What to work on:
Copy the entries without a single change. Pictures should be dropped.
----------
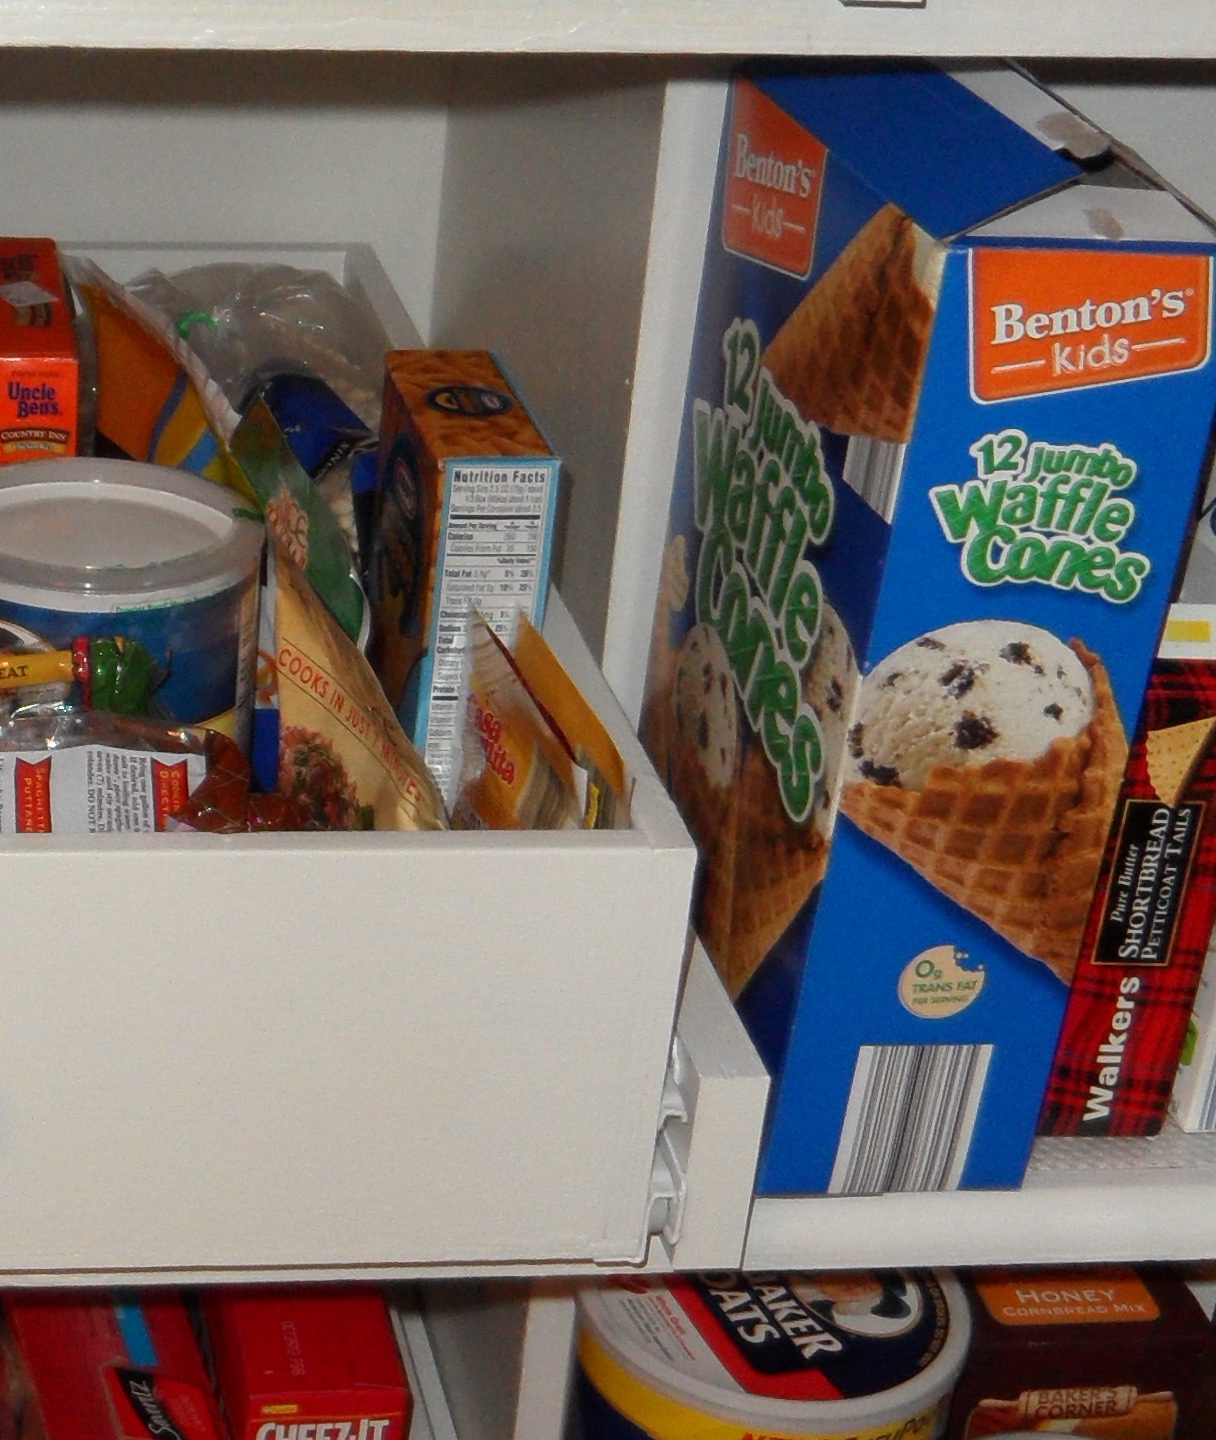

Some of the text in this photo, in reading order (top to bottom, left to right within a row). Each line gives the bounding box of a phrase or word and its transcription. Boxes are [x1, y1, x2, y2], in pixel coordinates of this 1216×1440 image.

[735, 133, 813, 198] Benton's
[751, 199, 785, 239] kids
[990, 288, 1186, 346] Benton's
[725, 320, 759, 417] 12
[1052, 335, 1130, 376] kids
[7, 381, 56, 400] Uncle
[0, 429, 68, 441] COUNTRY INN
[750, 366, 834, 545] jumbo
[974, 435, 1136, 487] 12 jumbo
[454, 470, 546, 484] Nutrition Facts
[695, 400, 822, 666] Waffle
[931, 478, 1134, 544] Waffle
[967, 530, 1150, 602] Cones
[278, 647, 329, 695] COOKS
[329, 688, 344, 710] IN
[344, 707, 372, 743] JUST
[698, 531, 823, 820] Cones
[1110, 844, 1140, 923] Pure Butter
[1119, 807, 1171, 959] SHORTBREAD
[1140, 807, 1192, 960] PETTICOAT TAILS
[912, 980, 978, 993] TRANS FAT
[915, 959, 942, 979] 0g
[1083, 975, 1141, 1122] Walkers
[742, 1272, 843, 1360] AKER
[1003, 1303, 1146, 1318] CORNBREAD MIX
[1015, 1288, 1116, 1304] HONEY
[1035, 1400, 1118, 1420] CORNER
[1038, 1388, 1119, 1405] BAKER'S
----------
Response:
Some of the text in this photo, in reading order (top to bottom, left to right within a row). Each line gives the bounding box of a phrase or word and its transcription. Boxes are [x1, y1, x2, y2], in pixel coordinates of this 1216×1440 image.

[735, 133, 813, 198] Benton's
[751, 199, 785, 239] kids
[990, 288, 1186, 346] Benton's
[725, 320, 759, 417] 12
[1052, 335, 1130, 376] kids
[7, 381, 56, 400] Uncle
[0, 429, 68, 441] COUNTRY INN
[750, 366, 834, 545] jumbo
[974, 435, 1136, 487] 12 jumbo
[454, 470, 546, 484] Nutrition Facts
[695, 400, 822, 666] Waffle
[931, 478, 1134, 544] Waffle
[967, 530, 1150, 602] Cones
[278, 647, 329, 695] COOKS
[329, 688, 344, 710] IN
[344, 707, 372, 743] JUST
[698, 531, 823, 820] Cones
[1110, 844, 1140, 923] Pure Butter
[1119, 807, 1171, 959] SHORTBREAD
[1140, 807, 1192, 960] PETTICOAT TAILS
[912, 980, 978, 993] TRANS FAT
[915, 959, 942, 979] 0g
[1083, 975, 1141, 1122] Walkers
[742, 1272, 843, 1360] AKER
[1003, 1303, 1146, 1318] CORNBREAD MIX
[1015, 1288, 1116, 1304] HONEY
[1035, 1400, 1118, 1420] CORNER
[1038, 1388, 1119, 1405] BAKER'S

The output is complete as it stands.